Hope is something that Tampa Bay Buccaneers fans could use right about now.
Tampa is coming off a season that was once full of hope (a 6-2 start) but ended up feeling hopeless, with the Bucs losing seven of their last nine games and failing to win the NFC South for the first time this decade.
To add to the humiliation, all it would have taken for the Bucs to win the South was a winning record, with the champion Carolina Panthers finishing 8-9.
The playoffs have done little to improve the mood of Bucs fans. But this Super Bowl matchup should encourage Bucs fans that better days might be ahead.
It's become a common thought amongst fans and analysts that for a team to win a Super Bowl, it must have an offensive-minded head coach.
Before 2026, there hadn't been a defensive-minded coach in the Super Bowl since Bill Belichick's last trip seven years ago, and there hadn't been a meeting of defensive-minded HCs since Belichick and Dan Quinn of the Atlanta Falcons faced off two years earlier. When teams have a head coaching vacancy, plenty of fans immediately hope for them to land an offensive guy. The New England Patriots and Seattle Seahawks went another way, and it's worked out well.
Sunday's big game pits New England coach Mike Vrabel, who was the Houston Texans' defensive coordinator before becoming the head coach of the Tennessee Titans and then, ultimately, the Patriots, against Mike Macdonald, who was the Baltimore Ravens' DC before Seattle hired him in 2024.
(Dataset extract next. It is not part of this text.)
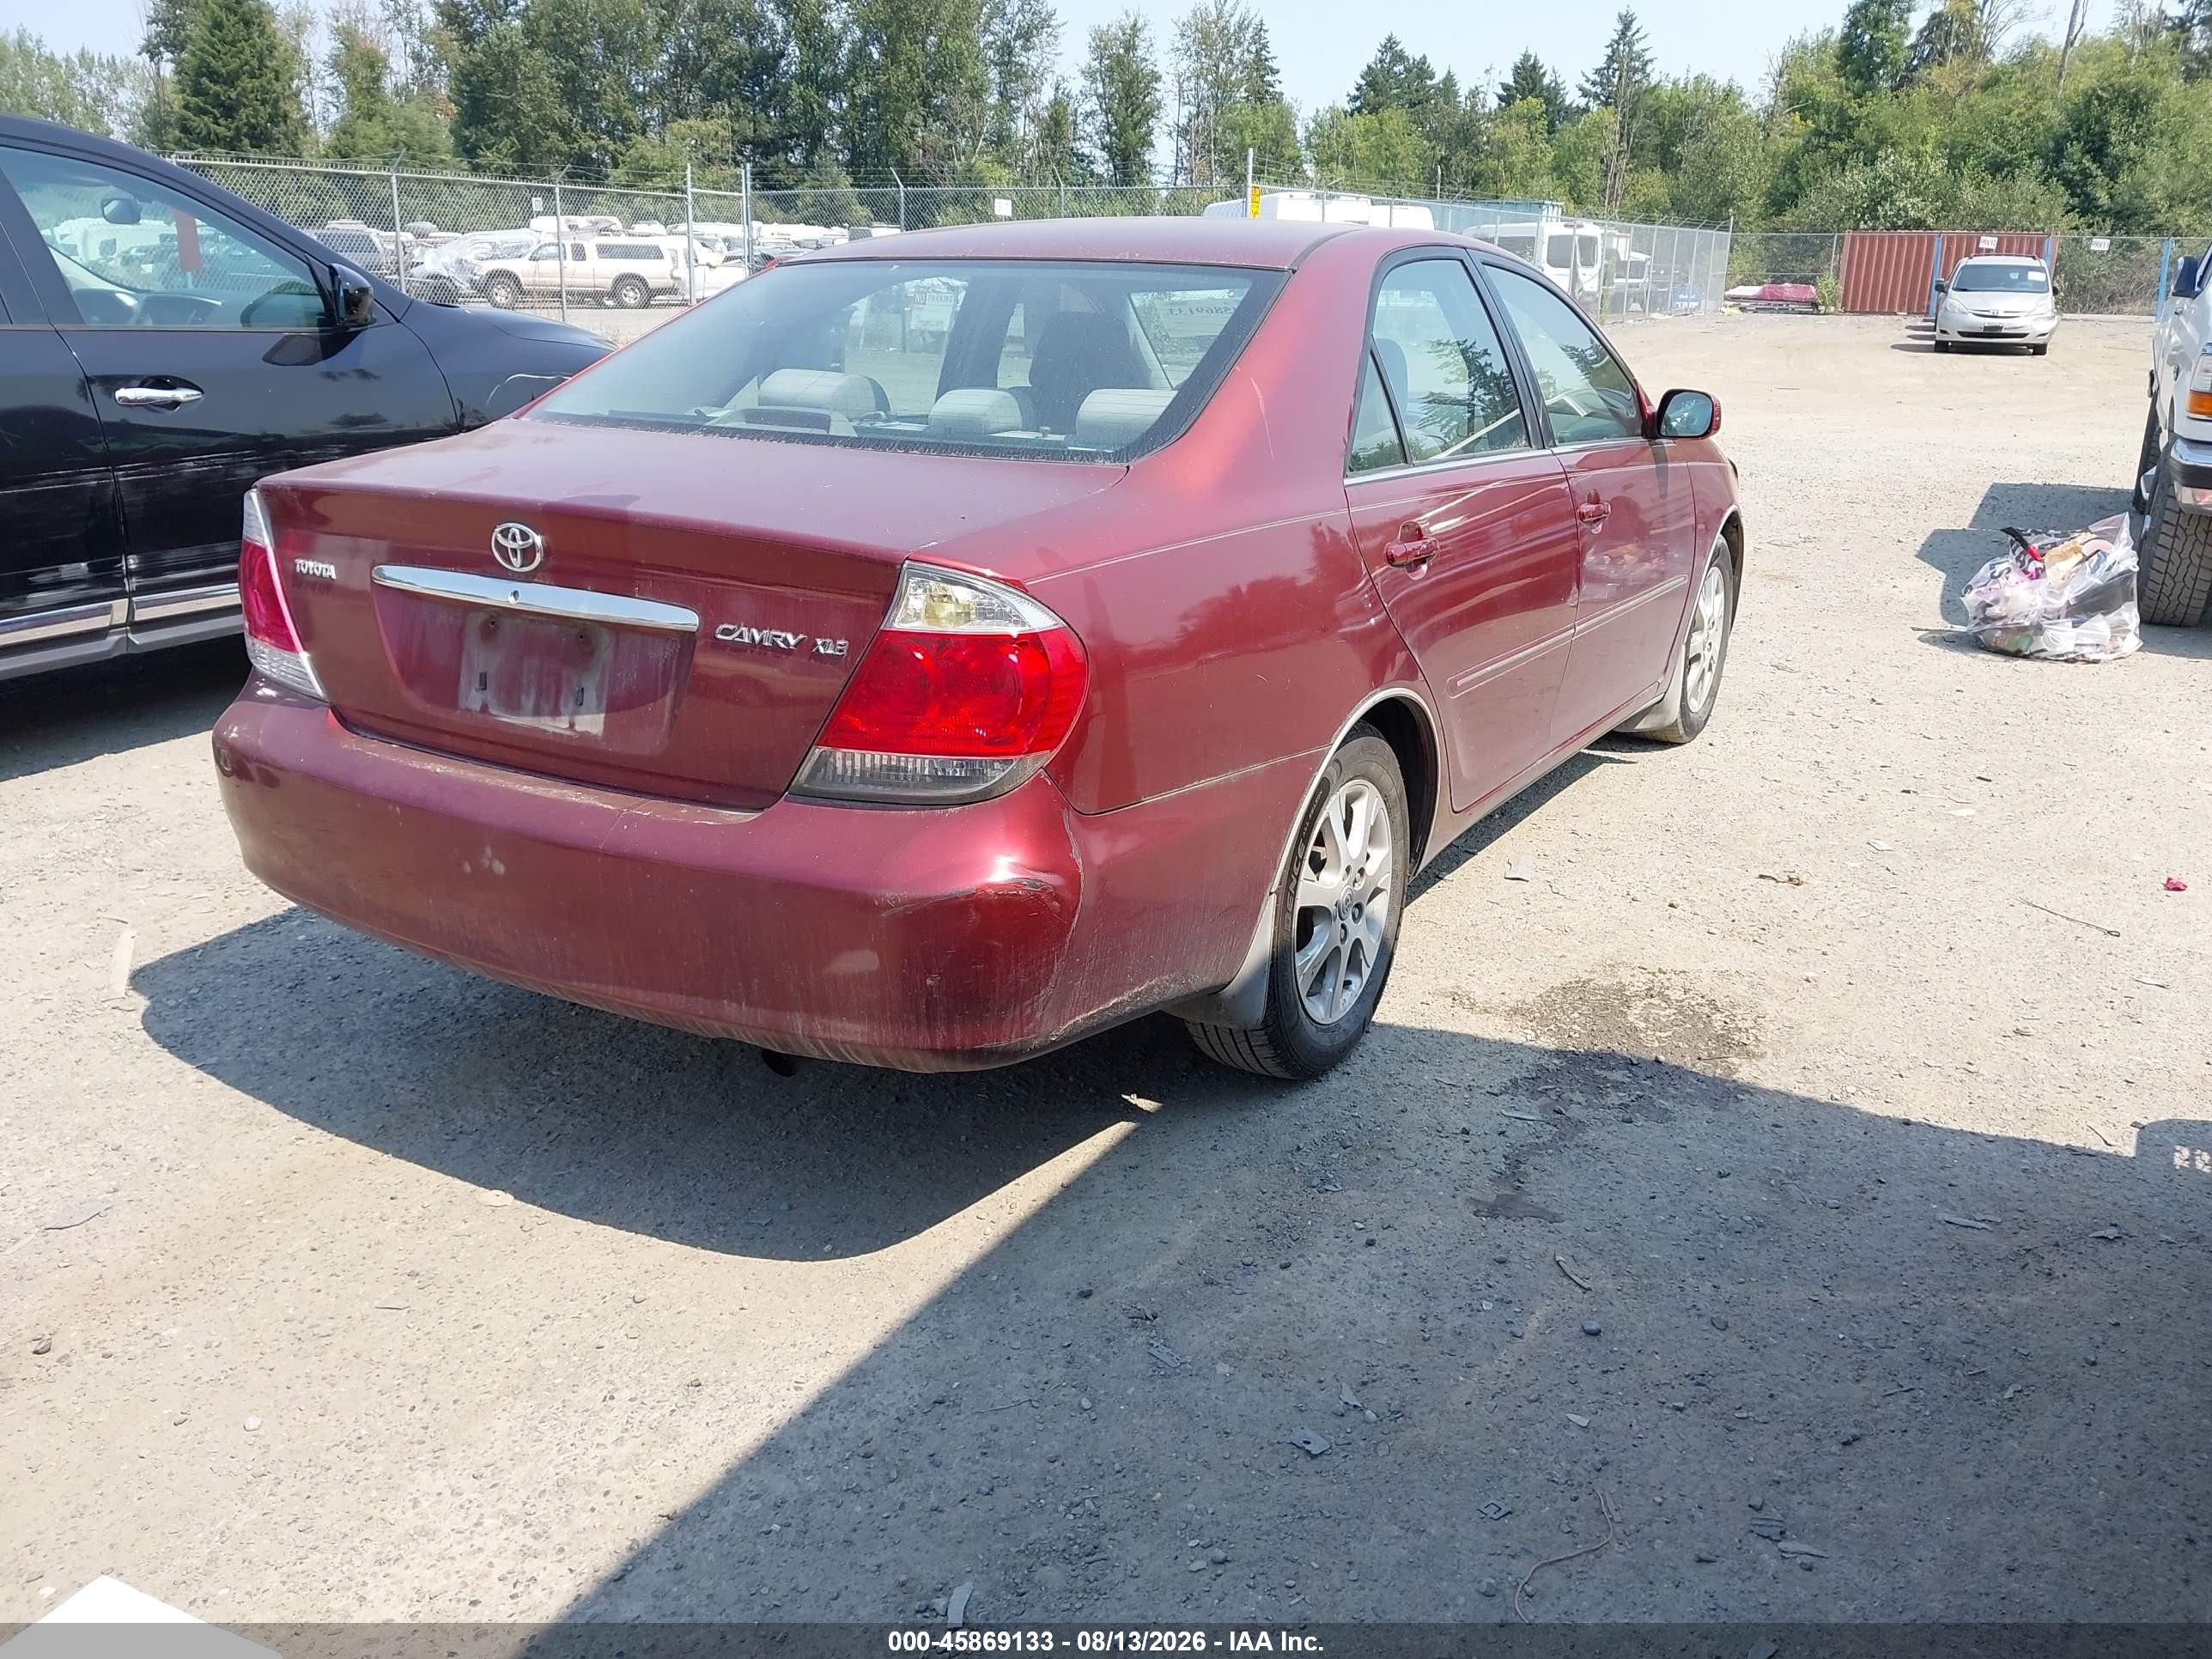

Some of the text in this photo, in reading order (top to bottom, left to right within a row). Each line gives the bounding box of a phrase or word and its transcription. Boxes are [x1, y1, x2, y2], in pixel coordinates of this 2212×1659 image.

[915, 293, 926, 303] NO
[295, 558, 337, 580] TOYOTA
[714, 622, 848, 655] CAMRY XLE
Tampa Bay coach Todd Bowles doesn't only have a defensive background -- he's the defensive coordinator, a role similar to the one Macdonald has, where he calls the Seahawks' defensive plays despite Aden Durde being the defensive coordinator.
Two significant differences between Macdonald and Bowles are that Macdonald is almost a quarter of a century younger, and Seattle has a defensive coordinator, which Tampa doesn't.
Whether it's because Bowles works himself too hard or because his system is too complex, something isn't working with the Bucs defense, as evidenced by it finishing 20th in scoring defense and everybody agreeing that the Bucs need to take multiple defenders in this year's draft.
This year's Super Bowl matchup doesn't mean the Bucs don't need to change, but it does mean that the team going to the Super Bowl shouldn't be dismissed simply because Bowles has a defensive background.